Après un XIXe extraordinairement stable sur le plan économique, les premières années du XXe siècle sont l’occasion pour les Européens et les Américains, de récolter non seulement les fruits de la deuxième Révolution Industrielle mais aussi les premières conséquences désastreuses de l’emballement de la machine économique et de la mécanique monétaire.
On a parfois dit que le XXe siècle avait inventé l’inflation, et c’est vrai que le terme était jusqu’ici plutôt connu dans le domaine médical, mais on a pu voir dans les précédents épisodes de cette série d’articles que ce phénomène existe depuis l’Antiquité. En revanche, ce qui est inédit dès le tournant du siècle, c’est la régularité avec laquelle les crises inflationnistes vont se succéder, avec une ampleur et des répercussions le plus souvent internationales. L’autre particularité du XXe siècle, c’est d’avoir connu les différentes formes d’inflation possibles, qu’il s’agisse de l’inflation provoquée par la demande, de l’inflation liée à l’offre, ou même… de l’hyperinflation.
L’inflation par la demande : l’exemple des Trente Glorieuses
On a affaire ici à ce qu’on pourrait appeler une inflation d’optimisme. En effet, l’inflation par la demande survient typiquement en période de forte croissance, lorsque les agents économiques ont suffisamment confiance pour augmenter leur consommation et emprunter davantage.

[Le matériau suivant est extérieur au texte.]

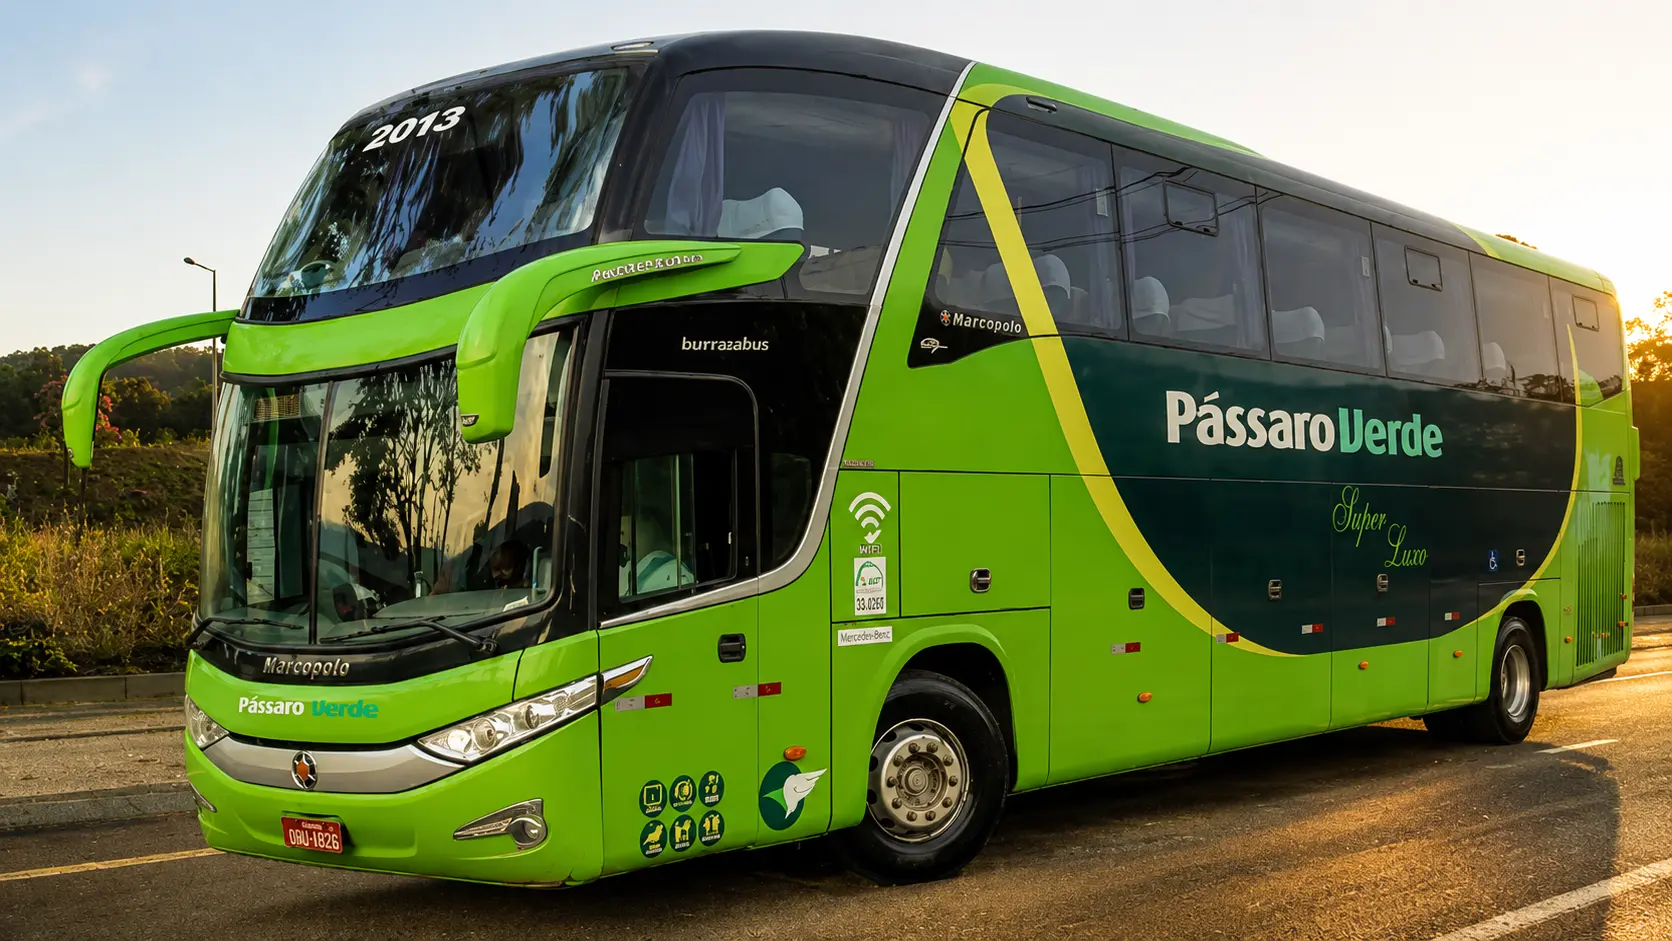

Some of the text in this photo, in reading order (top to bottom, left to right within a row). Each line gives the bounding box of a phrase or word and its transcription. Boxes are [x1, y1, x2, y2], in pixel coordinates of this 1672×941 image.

[362, 106, 466, 152] 2013
[952, 312, 1022, 333] Marcopolo
[1165, 390, 1444, 458] Pássaro Verde
[1332, 485, 1387, 548] Super
[1384, 523, 1428, 568] Luxo
[262, 657, 350, 680] Marcopolo
[238, 695, 379, 719] Pássaro Verde
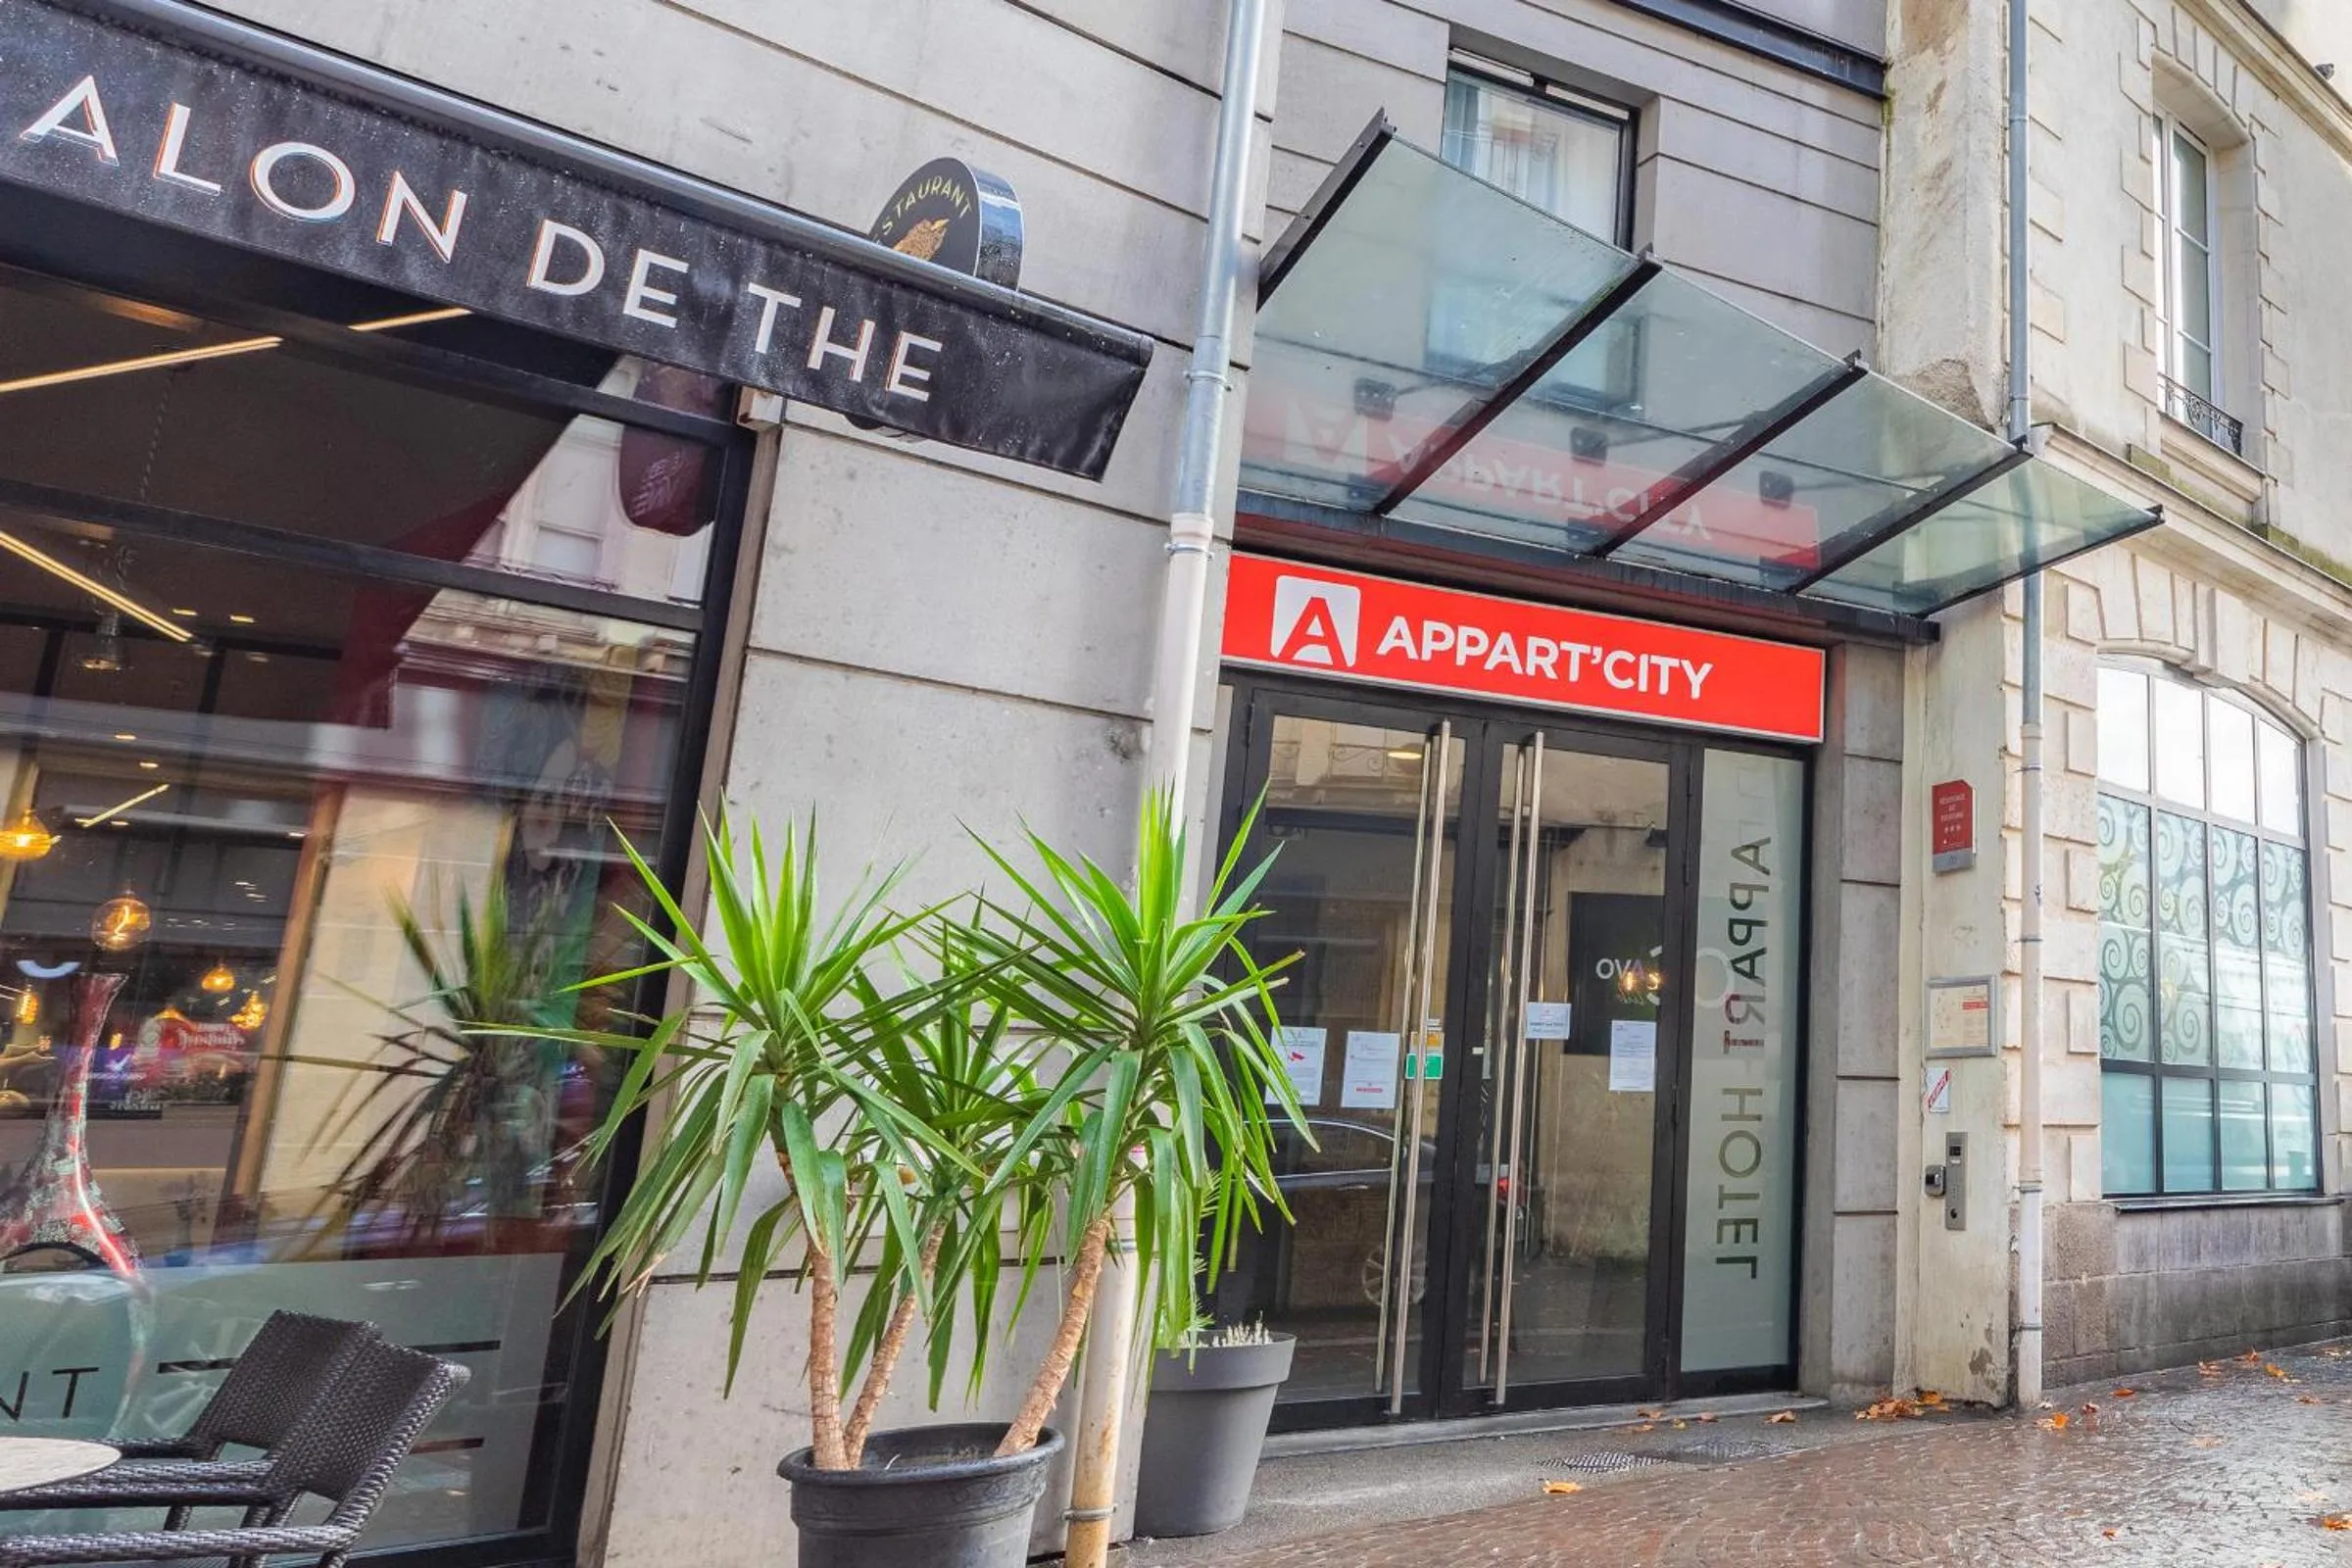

On pourrait penser que c’est plutôt positif, mais en réalité une forte demande, même ponctuelle, devient un problème lorsque l’offre n’arrive plus à suivre.
C’est par exemple ce qui est arrivé juste après la Seconde Guerre mondiale, lorsque les Français se sont remis à consommer librement mais que les entreprises peinaient à redémarrer pour produire en quantité suffisante.
1945 48.5 %
1946 52.6 %
1947 49.2 %
1948 58.7 %
1949 13.2 %
1950 10,00 %
(sources : INSEE)
La demande s’est ainsi maintenue à un niveau élevé pendant trois décennies (les Trente Glorieuses), soutenue au début par le Plan Marshall qui aida à la reconstruction des villes et des sites industriels bombardés durant la guerre, mais aussi boostée par l’envie de rattraper le mode de vie américain. L’exode rural devint alors irréversible, la télévision entra dans les foyers, les ménagères se mirent à acheter des machines à laver le linge, des lave-vaisselle, des cuisines équipées, la voiture ne fut plus un luxe mais une nécessité, le téléphone devint incontournable, etc. On vit également surgir les premiers lotissements de maisons individuelles plus ou moins préfabriquées, et une classe moyenne émergea qui voulait désormais profiter de ce que le monde avait à lui offrir.
De son côté, l’offre semblait suivre, avec une production qui battait son plein et un chômage ne dépassant pas 2.5%, favorisant au passage un enrichissement global de la population. Sauf que cette situation idéale dissimulait en réalité un emballement sournois et progressif de la machine économique en pleine surchauffe, laquelle finit d’ailleurs par s’enrayer au moment du premier choc pétrolier en 1973.
La demande s’est également intensifiée à l’occasion d’une brusque poussée démographique à partir de 1960, avec le rapatriement d’un million de Français d’Algérie qui sont venus s’ajouter à une population métropolitaine déjà en pleine expansion en raison du fameux « baby boom » des années 1945-50.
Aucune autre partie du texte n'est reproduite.